Aim of the task
Copy every line of the data exactly, keeping out any picture.

Data to use

——

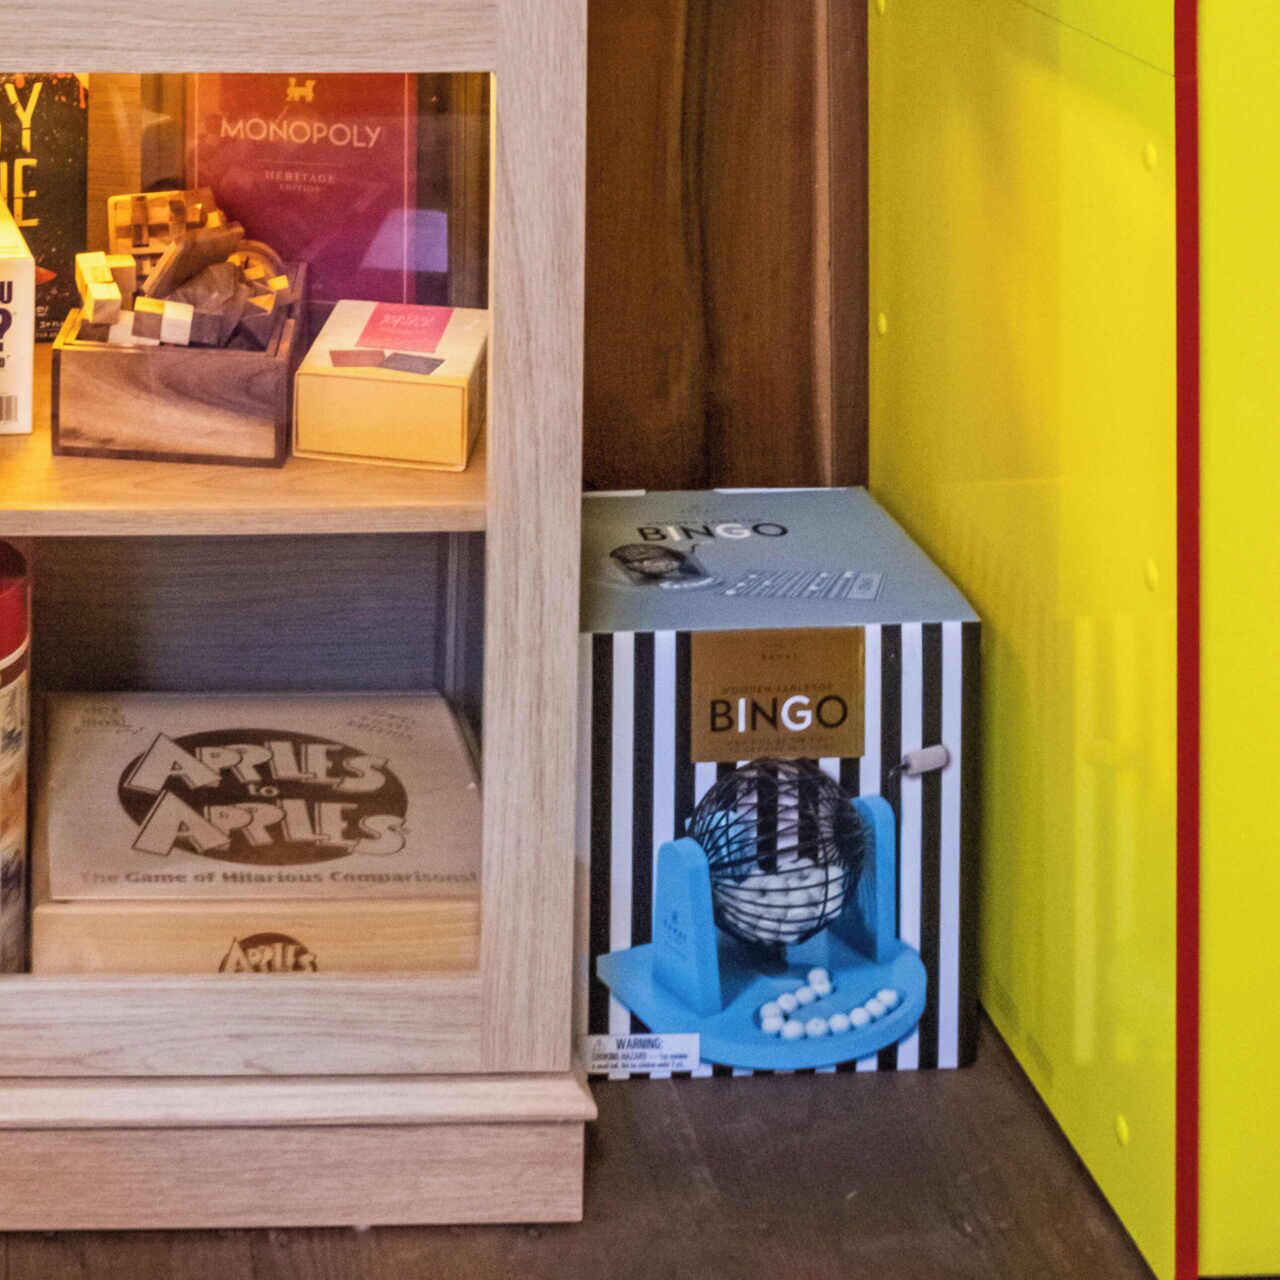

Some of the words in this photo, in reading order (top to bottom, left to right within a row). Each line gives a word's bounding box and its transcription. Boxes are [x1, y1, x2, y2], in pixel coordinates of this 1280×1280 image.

[220, 117, 382, 149] MONOPOLY
[264, 169, 336, 184] HERITAGE
[637, 522, 789, 542] BINGO
[710, 694, 848, 733] BINGO
[123, 731, 395, 794] APPLES
[245, 781, 281, 798] to
[131, 790, 410, 857] APPLES
[81, 872, 118, 884] The
[125, 871, 187, 884] Game
[194, 871, 215, 883] of
[222, 871, 323, 884] Hilarious

——

Solution
Some of the words in this photo, in reading order (top to bottom, left to right within a row). Each line gives a word's bounding box and its transcription. Boxes are [x1, y1, x2, y2], in pixel coordinates of this 1280×1280 image.

[220, 117, 382, 149] MONOPOLY
[264, 169, 336, 184] HERITAGE
[637, 522, 789, 542] BINGO
[710, 694, 848, 733] BINGO
[123, 731, 395, 794] APPLES
[245, 781, 281, 798] to
[131, 790, 410, 857] APPLES
[81, 872, 118, 884] The
[125, 871, 187, 884] Game
[194, 871, 215, 883] of
[222, 871, 323, 884] Hilarious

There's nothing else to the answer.